Safety assessment of electrically cycled cells at high temperatures under mechanical crush loads

An ageing test procedure was developed in this work in order to assess the influence of battery degradation effects, occurring during electrical cycling of lithium-ion batteries at elevated temperatures, on the electrical and mechanical properties of the cells and on their safety behaviour under mechanical quasi-static crush loading. Commercial 41 A h NMC-LMO/graphite pouch cells were charged and discharged at 60 °C for 700 cycles at 1 C in an SOC range between 10 and 90%. Electrical properties of these batteries were evaluated every 100 cycles at room temperature. By the end of the cycling procedure, a 27% reduction of the initial capacity was observed. The behaviour of the fully charged aged cells under a quasi-static mechanical load was examined in a series of indentation tests, using a flat impactor geometry. This behaviour was compared to that of fresh cells. Test results show that all investigated electrically cycled cells exhibited a slight decrease in stiffness. Aged batteries also failed at higher compressive strengths and larger deformations.

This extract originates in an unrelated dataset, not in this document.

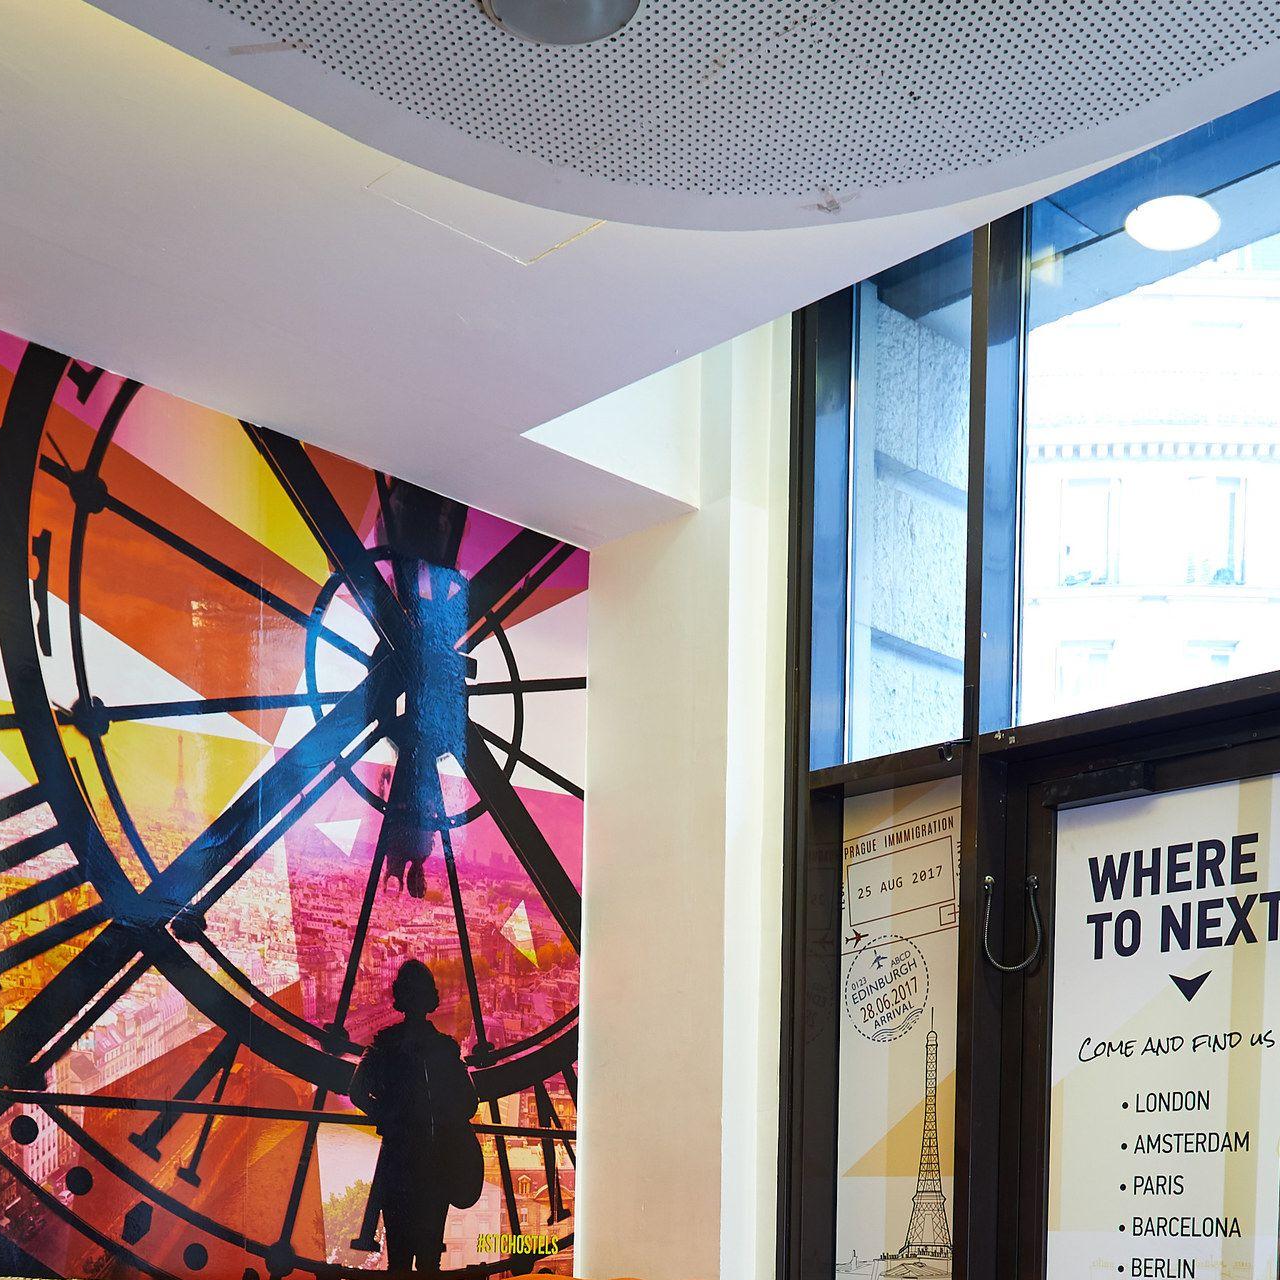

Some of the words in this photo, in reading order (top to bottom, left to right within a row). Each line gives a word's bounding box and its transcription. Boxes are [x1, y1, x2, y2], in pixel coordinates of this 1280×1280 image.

Post-mortem analysis of the aged cells was performed as a next step using scanning electron microscopy and the occurred degradation effects were evaluated in order to explain the changes observed in the battery electrical and mechanical properties. [Display omitted] •High temperature cycle ageing leads to fast performance degradation.•Irreversible swelling results from the electrode thickness increase.•Aged cells show a softer mechanical response.•Failure of aged batteries occurs at higher applied forces.•SEI growth leads to the change in mechanical behaviour.